Task to complete: All entries are to be given again verbatim.

[[ Exercise data open ]]

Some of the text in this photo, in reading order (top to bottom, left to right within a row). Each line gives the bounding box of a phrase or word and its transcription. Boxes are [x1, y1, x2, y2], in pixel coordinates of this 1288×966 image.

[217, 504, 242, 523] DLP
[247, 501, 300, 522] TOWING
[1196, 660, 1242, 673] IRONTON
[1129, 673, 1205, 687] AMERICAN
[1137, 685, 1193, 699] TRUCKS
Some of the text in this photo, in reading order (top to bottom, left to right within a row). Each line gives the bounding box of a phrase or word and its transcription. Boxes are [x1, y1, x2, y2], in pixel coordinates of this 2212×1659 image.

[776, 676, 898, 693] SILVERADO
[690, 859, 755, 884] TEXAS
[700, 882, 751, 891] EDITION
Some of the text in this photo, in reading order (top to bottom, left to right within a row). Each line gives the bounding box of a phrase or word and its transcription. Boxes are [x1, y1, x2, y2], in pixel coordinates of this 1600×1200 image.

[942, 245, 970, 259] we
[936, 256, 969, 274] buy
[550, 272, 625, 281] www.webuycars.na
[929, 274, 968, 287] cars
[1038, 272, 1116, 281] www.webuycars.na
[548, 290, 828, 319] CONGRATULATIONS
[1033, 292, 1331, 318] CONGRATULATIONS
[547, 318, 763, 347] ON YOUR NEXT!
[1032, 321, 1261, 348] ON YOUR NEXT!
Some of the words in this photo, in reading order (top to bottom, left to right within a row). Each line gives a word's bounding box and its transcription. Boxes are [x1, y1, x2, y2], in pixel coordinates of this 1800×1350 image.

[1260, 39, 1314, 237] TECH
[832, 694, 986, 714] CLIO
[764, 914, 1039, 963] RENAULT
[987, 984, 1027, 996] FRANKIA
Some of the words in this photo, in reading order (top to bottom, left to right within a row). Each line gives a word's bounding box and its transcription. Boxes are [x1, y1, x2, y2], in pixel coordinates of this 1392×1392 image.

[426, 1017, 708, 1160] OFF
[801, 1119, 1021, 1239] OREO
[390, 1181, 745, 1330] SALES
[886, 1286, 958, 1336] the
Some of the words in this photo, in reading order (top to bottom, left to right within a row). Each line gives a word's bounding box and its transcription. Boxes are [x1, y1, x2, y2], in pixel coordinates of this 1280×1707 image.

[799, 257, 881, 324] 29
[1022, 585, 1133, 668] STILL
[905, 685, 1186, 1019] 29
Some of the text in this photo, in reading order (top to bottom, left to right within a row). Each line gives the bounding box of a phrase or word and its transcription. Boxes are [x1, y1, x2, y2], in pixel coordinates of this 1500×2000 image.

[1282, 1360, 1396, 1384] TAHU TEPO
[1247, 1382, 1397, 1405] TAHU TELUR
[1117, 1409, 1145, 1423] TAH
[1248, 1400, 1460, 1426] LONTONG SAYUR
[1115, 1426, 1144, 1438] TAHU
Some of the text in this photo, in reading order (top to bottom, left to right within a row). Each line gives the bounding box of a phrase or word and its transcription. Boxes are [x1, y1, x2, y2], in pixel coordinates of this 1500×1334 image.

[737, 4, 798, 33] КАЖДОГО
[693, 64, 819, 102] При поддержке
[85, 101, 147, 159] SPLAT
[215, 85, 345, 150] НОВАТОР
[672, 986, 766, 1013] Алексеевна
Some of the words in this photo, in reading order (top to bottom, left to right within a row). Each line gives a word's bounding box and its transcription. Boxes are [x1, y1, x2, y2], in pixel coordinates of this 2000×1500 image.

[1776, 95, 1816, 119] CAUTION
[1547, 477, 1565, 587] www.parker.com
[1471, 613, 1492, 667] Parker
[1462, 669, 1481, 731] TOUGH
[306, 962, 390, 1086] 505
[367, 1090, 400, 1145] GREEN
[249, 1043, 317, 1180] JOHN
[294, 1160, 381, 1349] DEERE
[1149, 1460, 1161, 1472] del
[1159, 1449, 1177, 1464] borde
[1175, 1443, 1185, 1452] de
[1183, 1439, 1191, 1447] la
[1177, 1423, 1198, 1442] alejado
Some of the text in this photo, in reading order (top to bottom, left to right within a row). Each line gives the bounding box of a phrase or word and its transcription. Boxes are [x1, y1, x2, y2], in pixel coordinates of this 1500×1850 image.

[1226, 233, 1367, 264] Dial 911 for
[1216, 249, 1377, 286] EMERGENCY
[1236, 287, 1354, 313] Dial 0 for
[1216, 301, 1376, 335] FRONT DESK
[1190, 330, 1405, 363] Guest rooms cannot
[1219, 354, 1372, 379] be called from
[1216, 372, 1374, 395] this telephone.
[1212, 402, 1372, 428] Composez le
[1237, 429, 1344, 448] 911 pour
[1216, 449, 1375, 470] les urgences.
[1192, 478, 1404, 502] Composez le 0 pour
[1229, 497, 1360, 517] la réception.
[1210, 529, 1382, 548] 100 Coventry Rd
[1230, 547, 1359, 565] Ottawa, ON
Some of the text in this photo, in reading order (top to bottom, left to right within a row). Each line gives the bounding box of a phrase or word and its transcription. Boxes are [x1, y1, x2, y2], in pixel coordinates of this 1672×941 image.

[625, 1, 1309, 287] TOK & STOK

[[ Exercise data closed ]]

Exercise response:
Some of the text in this photo, in reading order (top to bottom, left to right within a row). Each line gives the bounding box of a phrase or word and its transcription. Boxes are [x1, y1, x2, y2], in pixel coordinates of this 1288×966 image.

[217, 504, 242, 523] DLP
[247, 501, 300, 522] TOWING
[1196, 660, 1242, 673] IRONTON
[1129, 673, 1205, 687] AMERICAN
[1137, 685, 1193, 699] TRUCKS
Some of the text in this photo, in reading order (top to bottom, left to right within a row). Each line gives the bounding box of a phrase or word and its transcription. Boxes are [x1, y1, x2, y2], in pixel coordinates of this 2212×1659 image.

[776, 676, 898, 693] SILVERADO
[690, 859, 755, 884] TEXAS
[700, 882, 751, 891] EDITION
Some of the text in this photo, in reading order (top to bottom, left to right within a row). Each line gives the bounding box of a phrase or word and its transcription. Boxes are [x1, y1, x2, y2], in pixel coordinates of this 1600×1200 image.

[942, 245, 970, 259] we
[936, 256, 969, 274] buy
[550, 272, 625, 281] www.webuycars.na
[929, 274, 968, 287] cars
[1038, 272, 1116, 281] www.webuycars.na
[548, 290, 828, 319] CONGRATULATIONS
[1033, 292, 1331, 318] CONGRATULATIONS
[547, 318, 763, 347] ON YOUR NEXT!
[1032, 321, 1261, 348] ON YOUR NEXT!
Some of the words in this photo, in reading order (top to bottom, left to right within a row). Each line gives a word's bounding box and its transcription. Boxes are [x1, y1, x2, y2], in pixel coordinates of this 1800×1350 image.

[1260, 39, 1314, 237] TECH
[832, 694, 986, 714] CLIO
[764, 914, 1039, 963] RENAULT
[987, 984, 1027, 996] FRANKIA
Some of the words in this photo, in reading order (top to bottom, left to right within a row). Each line gives a word's bounding box and its transcription. Boxes are [x1, y1, x2, y2], in pixel coordinates of this 1392×1392 image.

[426, 1017, 708, 1160] OFF
[801, 1119, 1021, 1239] OREO
[390, 1181, 745, 1330] SALES
[886, 1286, 958, 1336] the
Some of the words in this photo, in reading order (top to bottom, left to right within a row). Each line gives a word's bounding box and its transcription. Boxes are [x1, y1, x2, y2], in pixel coordinates of this 1280×1707 image.

[799, 257, 881, 324] 29
[1022, 585, 1133, 668] STILL
[905, 685, 1186, 1019] 29
Some of the text in this photo, in reading order (top to bottom, left to right within a row). Each line gives the bounding box of a phrase or word and its transcription. Boxes are [x1, y1, x2, y2], in pixel coordinates of this 1500×2000 image.

[1282, 1360, 1396, 1384] TAHU TEPO
[1247, 1382, 1397, 1405] TAHU TELUR
[1117, 1409, 1145, 1423] TAH
[1248, 1400, 1460, 1426] LONTONG SAYUR
[1115, 1426, 1144, 1438] TAHU
Some of the text in this photo, in reading order (top to bottom, left to right within a row). Each line gives the bounding box of a phrase or word and its transcription. Boxes are [x1, y1, x2, y2], in pixel coordinates of this 1500×1334 image.

[737, 4, 798, 33] КАЖДОГО
[693, 64, 819, 102] При поддержке
[85, 101, 147, 159] SPLAT
[215, 85, 345, 150] НОВАТОР
[672, 986, 766, 1013] Алексеевна
Some of the words in this photo, in reading order (top to bottom, left to right within a row). Each line gives a word's bounding box and its transcription. Boxes are [x1, y1, x2, y2], in pixel coordinates of this 2000×1500 image.

[1776, 95, 1816, 119] CAUTION
[1547, 477, 1565, 587] www.parker.com
[1471, 613, 1492, 667] Parker
[1462, 669, 1481, 731] TOUGH
[306, 962, 390, 1086] 505
[367, 1090, 400, 1145] GREEN
[249, 1043, 317, 1180] JOHN
[294, 1160, 381, 1349] DEERE
[1149, 1460, 1161, 1472] del
[1159, 1449, 1177, 1464] borde
[1175, 1443, 1185, 1452] de
[1183, 1439, 1191, 1447] la
[1177, 1423, 1198, 1442] alejado
Some of the text in this photo, in reading order (top to bottom, left to right within a row). Each line gives the bounding box of a phrase or word and its transcription. Boxes are [x1, y1, x2, y2], in pixel coordinates of this 1500×1850 image.

[1226, 233, 1367, 264] Dial 911 for
[1216, 249, 1377, 286] EMERGENCY
[1236, 287, 1354, 313] Dial 0 for
[1216, 301, 1376, 335] FRONT DESK
[1190, 330, 1405, 363] Guest rooms cannot
[1219, 354, 1372, 379] be called from
[1216, 372, 1374, 395] this telephone.
[1212, 402, 1372, 428] Composez le
[1237, 429, 1344, 448] 911 pour
[1216, 449, 1375, 470] les urgences.
[1192, 478, 1404, 502] Composez le 0 pour
[1229, 497, 1360, 517] la réception.
[1210, 529, 1382, 548] 100 Coventry Rd
[1230, 547, 1359, 565] Ottawa, ON
Some of the text in this photo, in reading order (top to bottom, left to right within a row). Each line gives the bounding box of a phrase or word and its transcription. Boxes are [x1, y1, x2, y2], in pixel coordinates of this 1672×941 image.

[625, 1, 1309, 287] TOK & STOK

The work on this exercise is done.